Saturday 13 August 2016

Home for month now.......

The kids and I returned to Chad four weeks ago now. It feels like we have never been away,except the lovely memories that we have of our recent time in the uk. It is hard to explain how when one returns back home to Chad, life in the uk seems all but a memory very quickly, but the feeling of missing family and friends is a few ache and hurt. A friend today, over a cup of tea, described it as life here in Chad gets put on pause when you return to the uk and when you come back to Chad, U.K life gets put on pause.

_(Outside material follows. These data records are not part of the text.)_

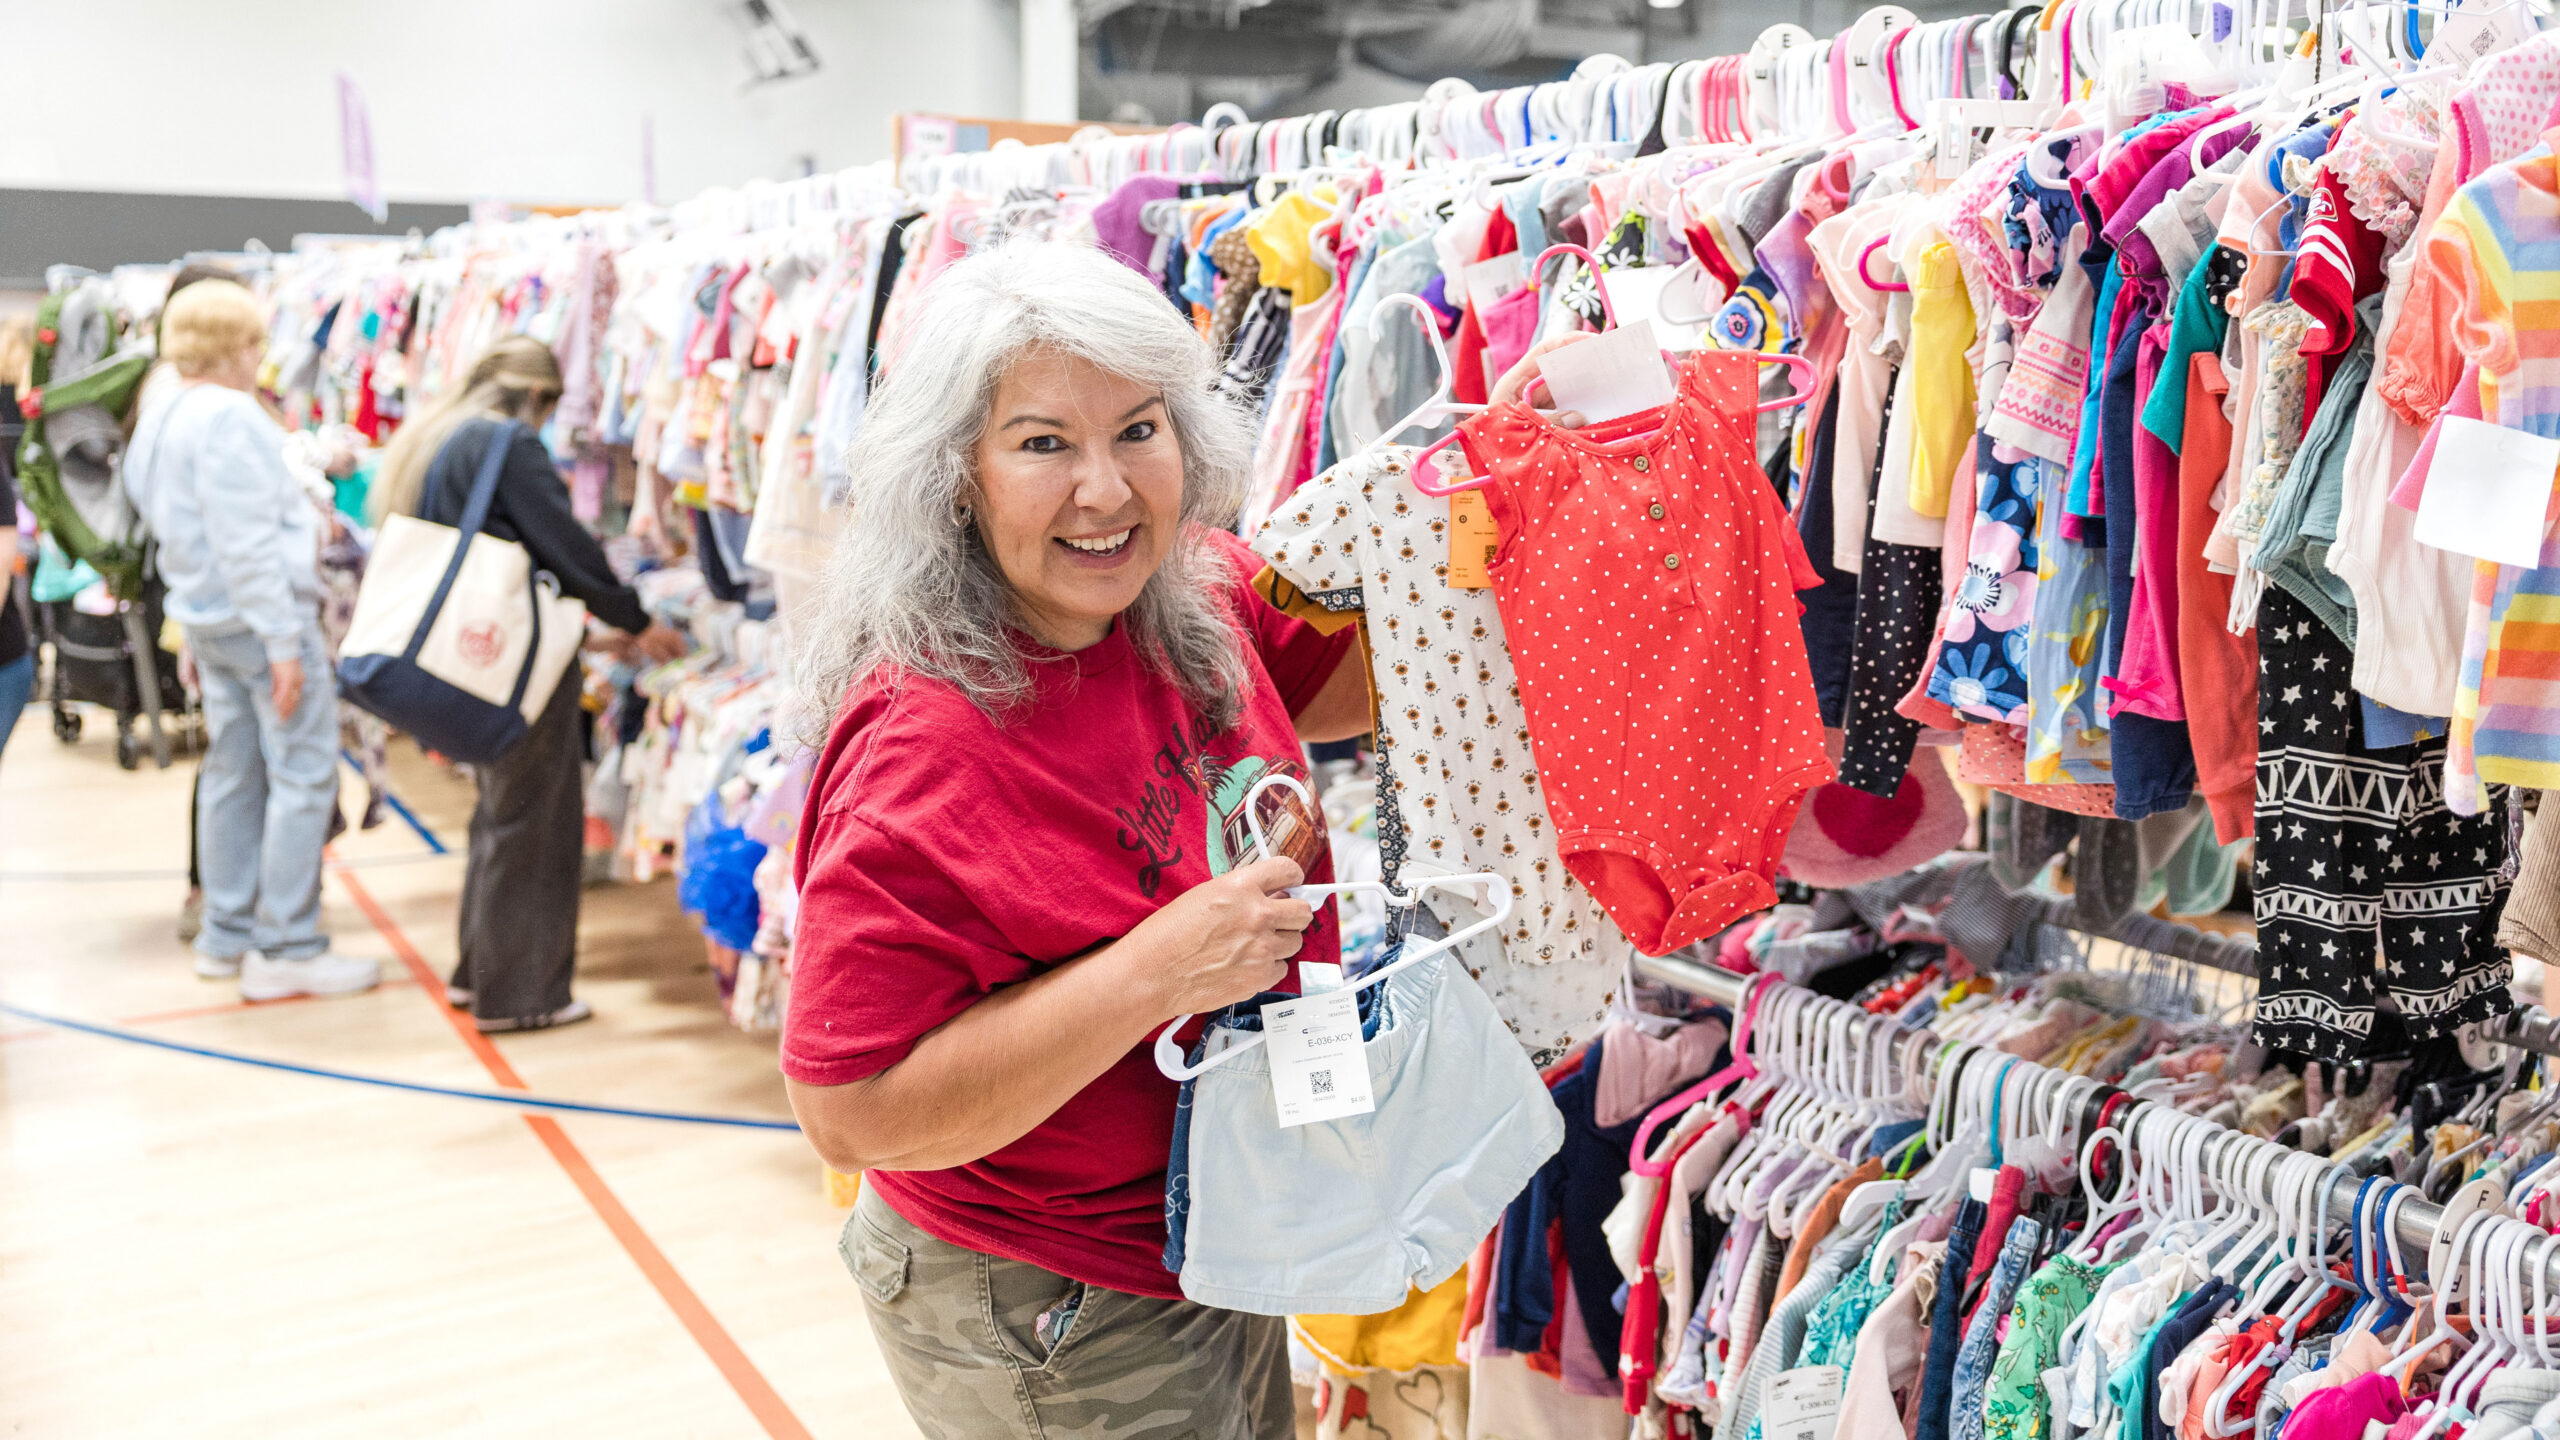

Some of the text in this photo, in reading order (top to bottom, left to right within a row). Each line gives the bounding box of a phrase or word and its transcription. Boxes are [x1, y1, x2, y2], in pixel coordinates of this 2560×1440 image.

[1884, 15, 1893, 32] F
[1782, 33, 1792, 49] E
[1854, 55, 1868, 67] F
[1754, 68, 1768, 80] E
[1307, 1032, 1353, 1047] E-036-XCY
[2476, 1189, 2490, 1208] F
[2440, 1230, 2451, 1245] F
[2450, 1274, 2463, 1293] F

So when we returned to Chad,Andrew and Saratou had moved most of our belongings over to a new house on the compound from our old flat. We are now in a house enjoying having more space and a garden. This week we ate our first bananas off our banana tree,  the kids and I have been planting seeds so we will see how things go and one of the guards is helPing us to keep the garden nice. We feel very thankful to have this new bigger house, even though last night at midnight I spend an hour mopping up rain water from the bedroom. Although I didn't at the time have a totally thankful heart at my situation, God blessed me in only having one room to sort out unlike many Chadians here whose houses are destroyed with this rainy season.

Why you may ask did Andrew not help. well,last Sunday he flew the Ugandan caravan plane that we have been using here whilst our plane has been updated, back to Uganda. He remains there doing medicals and flight test and returns with our Chadian plane on Tuesday. It is hard him being used to do this and leaving me and the kids here again. However, at least it is not six weeks like last year. God has been my strength and comforter this week as just thirty minutes after Andrew left last week, I found blood in Jacobs nappy. They hadn't been the best for a few days before this,but the seeing the blood and owing that Andrew would be away for ten days sent me in a spin for a bit. But God gave me good friends and neighbours in my team and they got us to the clinic to see the dr who gave us medicine for Jacob.he has been so lethargic and tired this week and still poorly, but a bit better. It has been so hard to go through this without Andrew here, and we have had limited email communication as social medical is shut down for security reasons, but again, I find myself calling out to God to walk along side Jacob to heal him and help me look after him, and zack and Esther on my own. God has pleaced people in my path just when I have needed them and a trust in him that is needed with a sick child here in Chad. Jacob has improved but still has a way to go and perhaps another visit to the dr this week, when Andrew is home to be with us and help translate! The challenges of Chad!

This week I am reminded that God will put challenges in our way and it is how we deal with this in our attitude that counts. I have been trying to react with courage and confidence in Christ, growing my character and trusting in Gods faithfulness. it is hard and I rarely get it right at the time, but I have a loving and forgiving God who won't give up on me as I keep walking with him and seeking his ways in all things that he gives me everyday.

Tomorrow is Andrews 40th birthday. It is hard being apart for that, although maybe for me more than him as I am not so sure he is keen to be reminded he won't be in his 30s any more. But the kids and I look forward to celebrating with him later in the week and remembering the many blessings he has given to our family.